## Aim of the exercise
Print what the records say exactly, and omit the pictures.

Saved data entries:
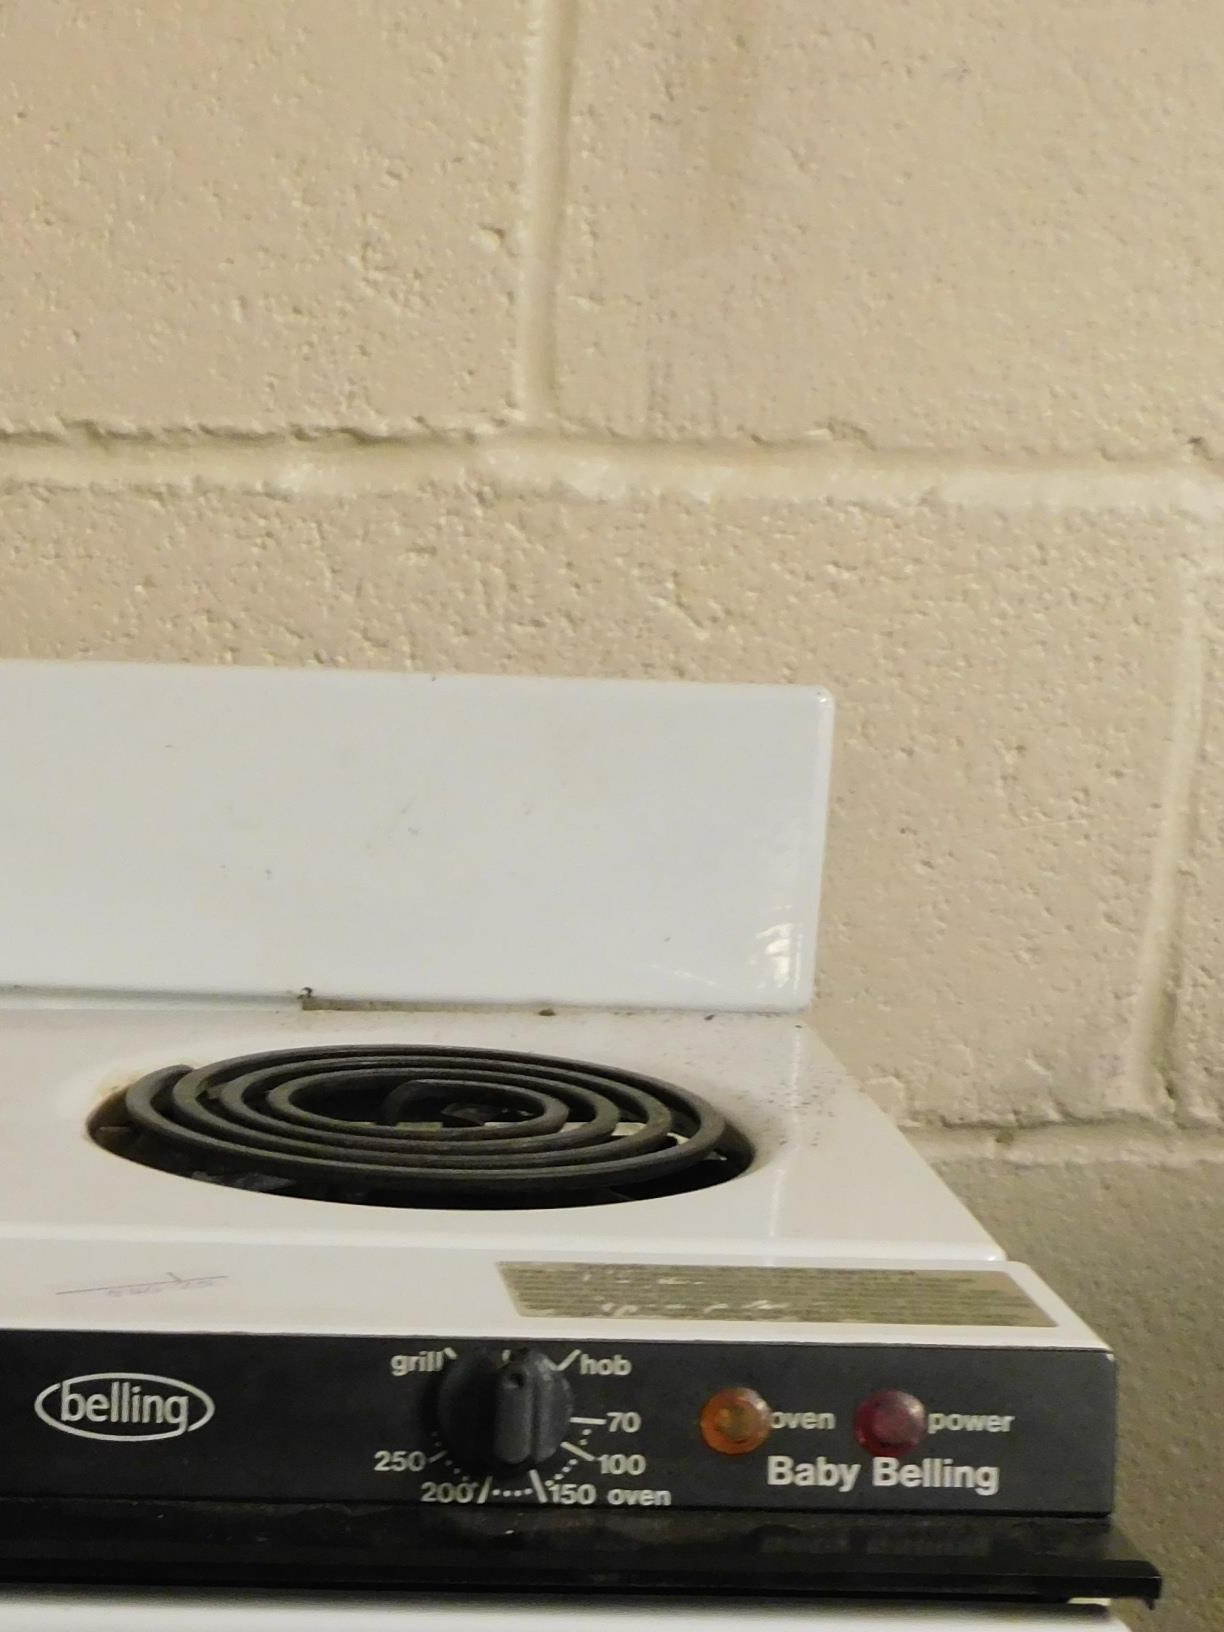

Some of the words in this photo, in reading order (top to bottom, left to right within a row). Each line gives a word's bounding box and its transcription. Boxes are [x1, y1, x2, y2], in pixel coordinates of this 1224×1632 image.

[390, 1350, 444, 1376] grill
[579, 1353, 632, 1376] hob
[59, 1381, 190, 1434] belling
[607, 1411, 642, 1433] 70
[770, 1409, 836, 1430] oven
[927, 1411, 1015, 1434] power
[373, 1450, 426, 1472] 250
[598, 1453, 647, 1476] 100
[766, 1455, 862, 1492] Baby
[872, 1456, 1000, 1496] Belling
[421, 1482, 474, 1503] 200
[549, 1484, 597, 1505] 150
[607, 1488, 672, 1507] oven
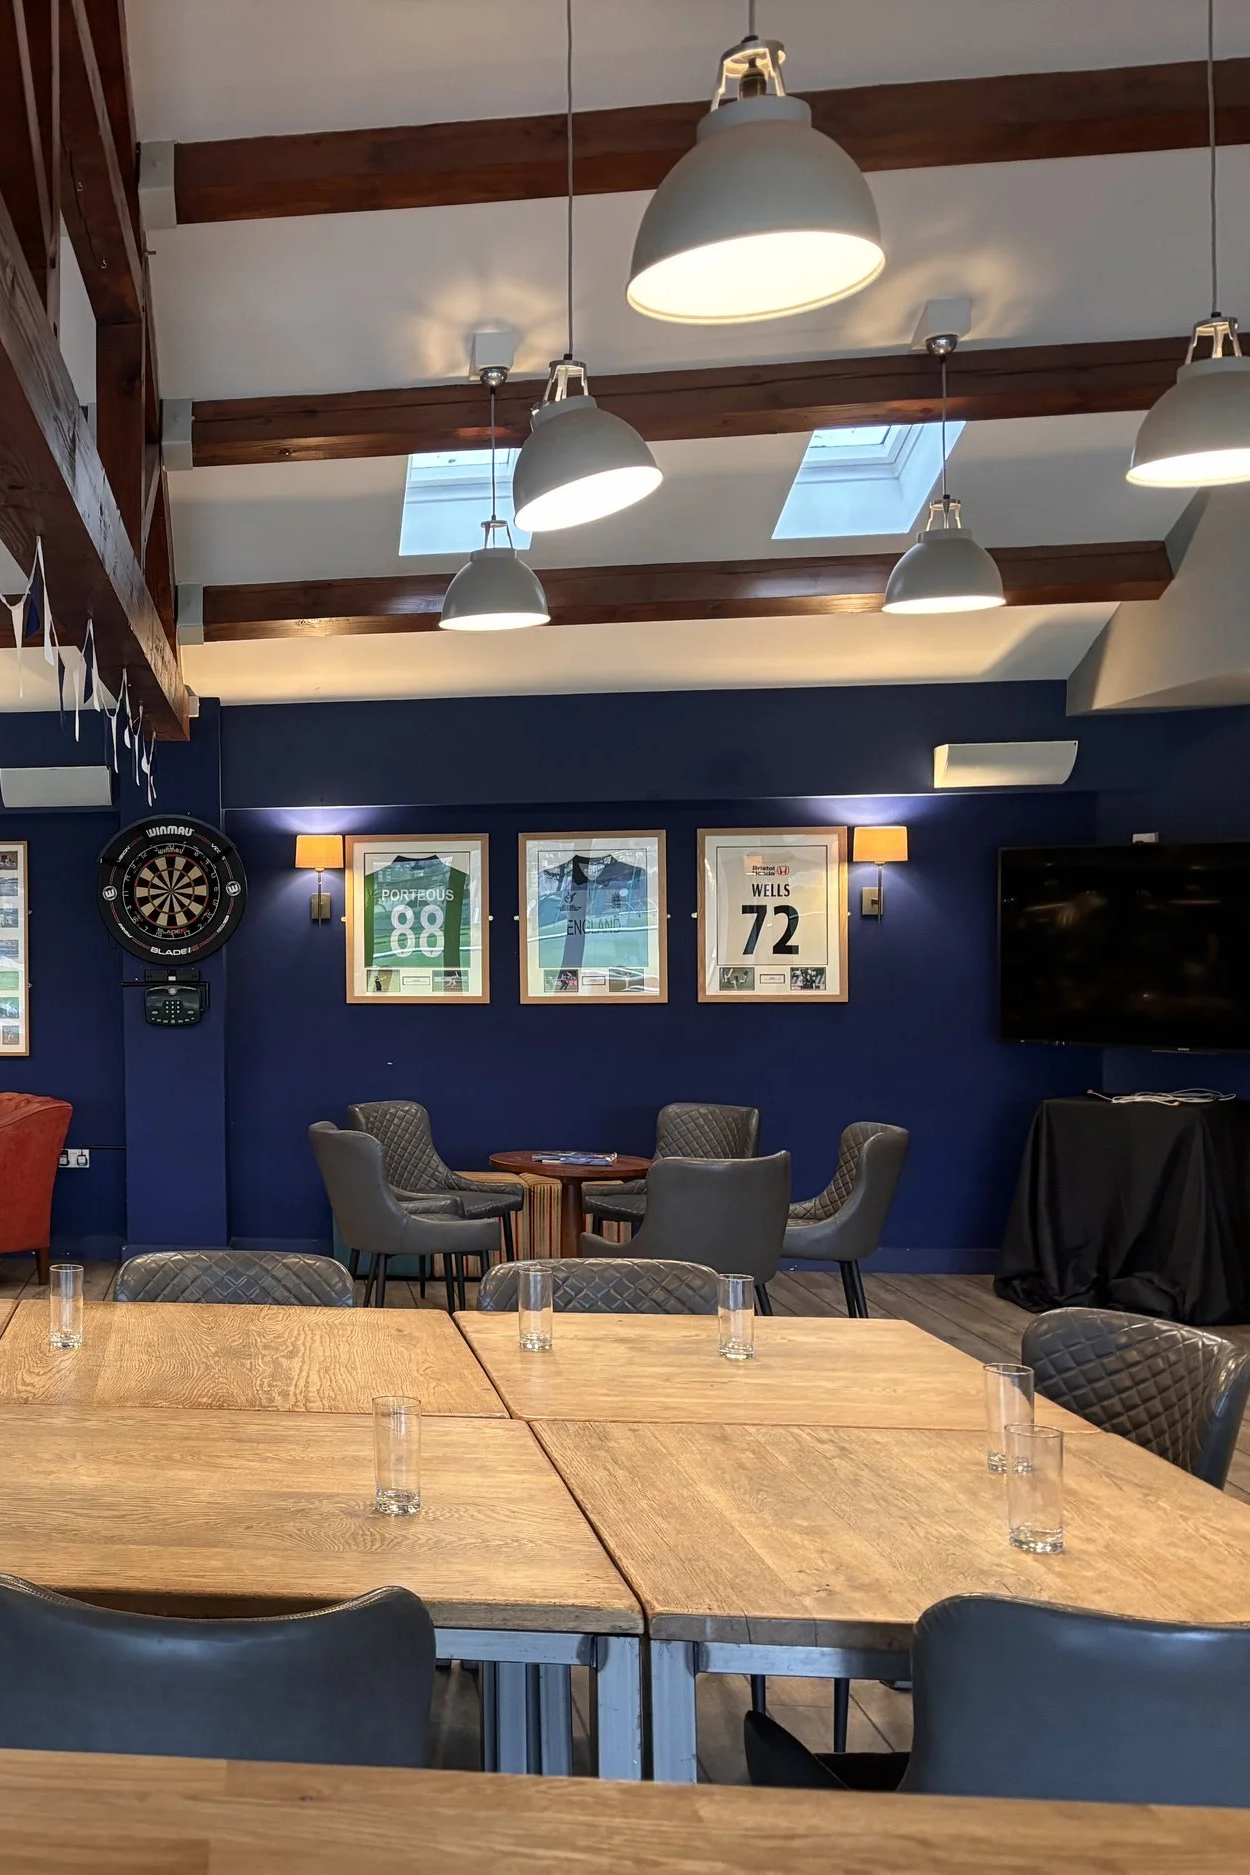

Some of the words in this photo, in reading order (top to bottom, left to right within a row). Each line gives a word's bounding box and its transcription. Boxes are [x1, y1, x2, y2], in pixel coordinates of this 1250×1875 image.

[146, 825, 195, 838] WINMAU
[381, 889, 455, 902] PORTEOUS
[751, 883, 791, 898] WELLS
[390, 904, 445, 958] 88
[566, 919, 622, 936] ENGLAND
[741, 904, 800, 955] 72
[150, 946, 187, 956] BLADE
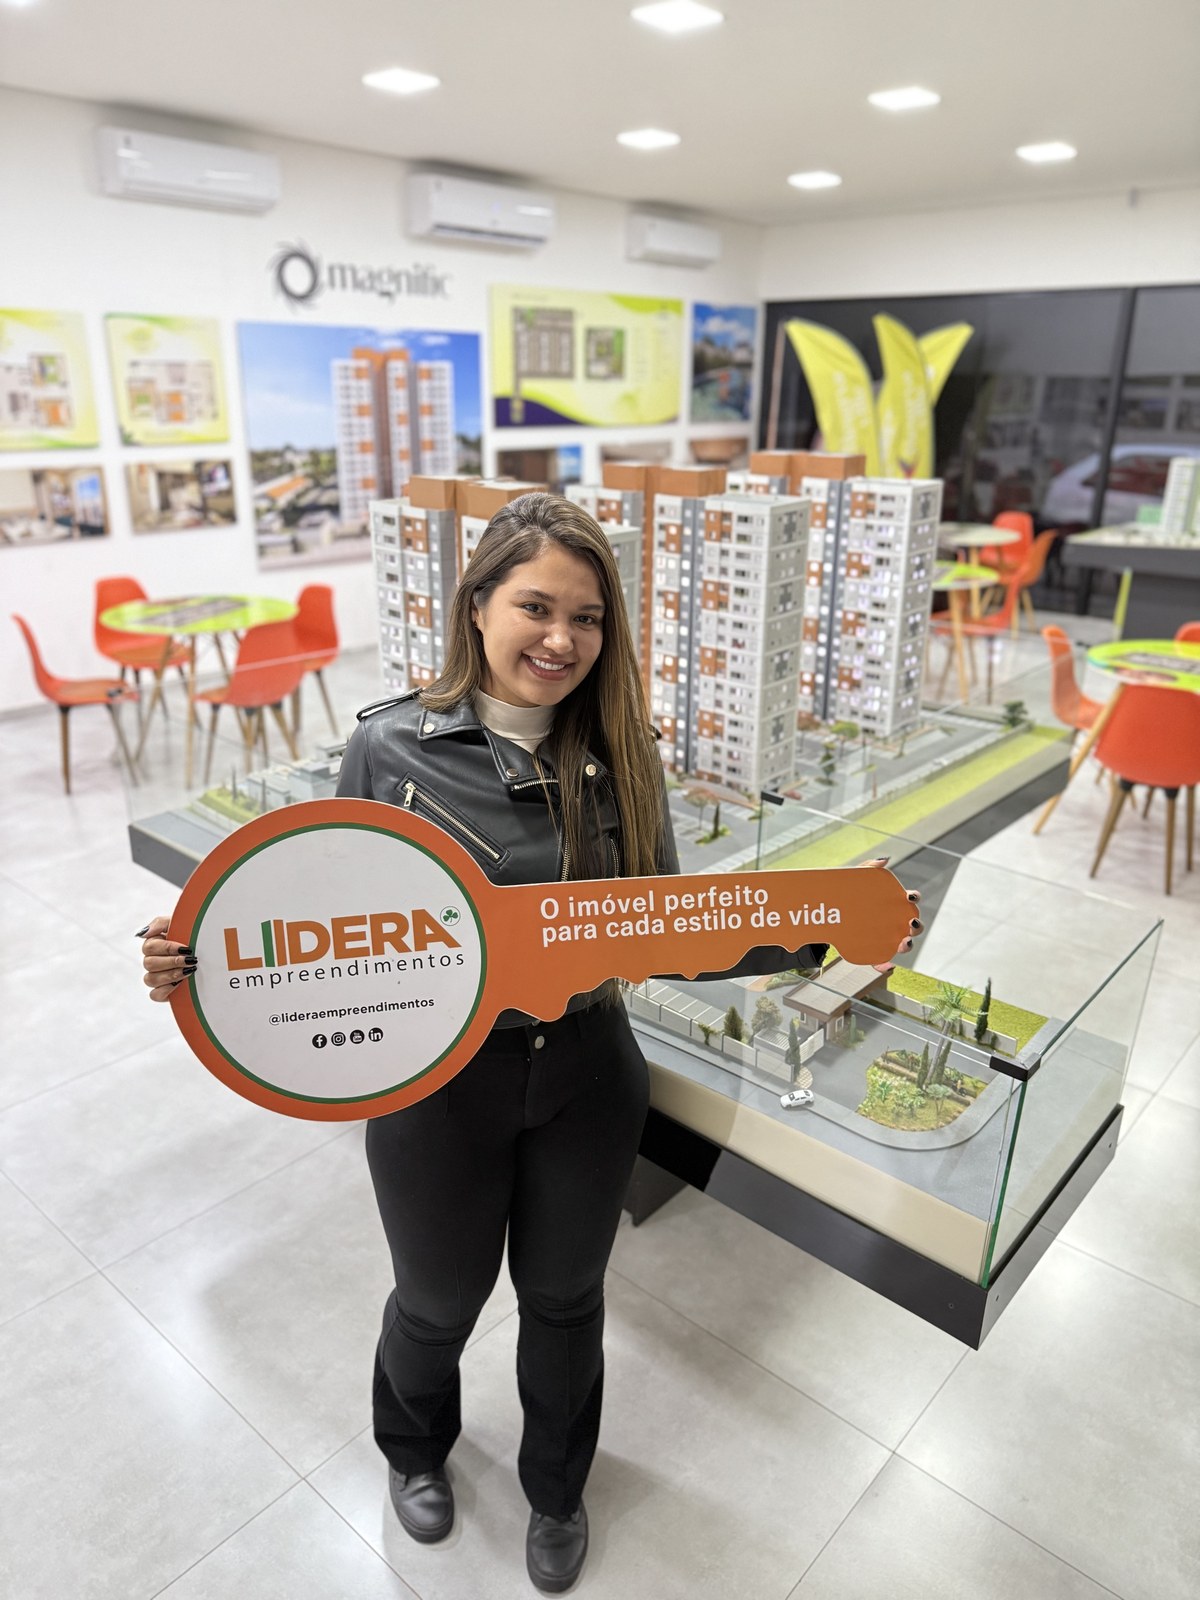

## Output below
Some of the words in this photo, in reading order (top to bottom, left to right within a row). Each line gives a word's bounding box and its transcription. Boxes are [x1, y1, x2, y2], in pixel coordinates of this 1224×1632 image.

[390, 1350, 444, 1376] grill
[579, 1353, 632, 1376] hob
[59, 1381, 190, 1434] belling
[607, 1411, 642, 1433] 70
[770, 1409, 836, 1430] oven
[927, 1411, 1015, 1434] power
[373, 1450, 426, 1472] 250
[598, 1453, 647, 1476] 100
[766, 1455, 862, 1492] Baby
[872, 1456, 1000, 1496] Belling
[421, 1482, 474, 1503] 200
[549, 1484, 597, 1505] 150
[607, 1488, 672, 1507] oven

Some of the words in this photo, in reading order (top to bottom, left to right within a row). Each line gives a word's bounding box and its transcription. Boxes are [x1, y1, x2, y2], in pixel coordinates of this 1250×1875 image.

[146, 825, 195, 838] WINMAU
[381, 889, 455, 902] PORTEOUS
[751, 883, 791, 898] WELLS
[390, 904, 445, 958] 88
[566, 919, 622, 936] ENGLAND
[741, 904, 800, 955] 72
[150, 946, 187, 956] BLADE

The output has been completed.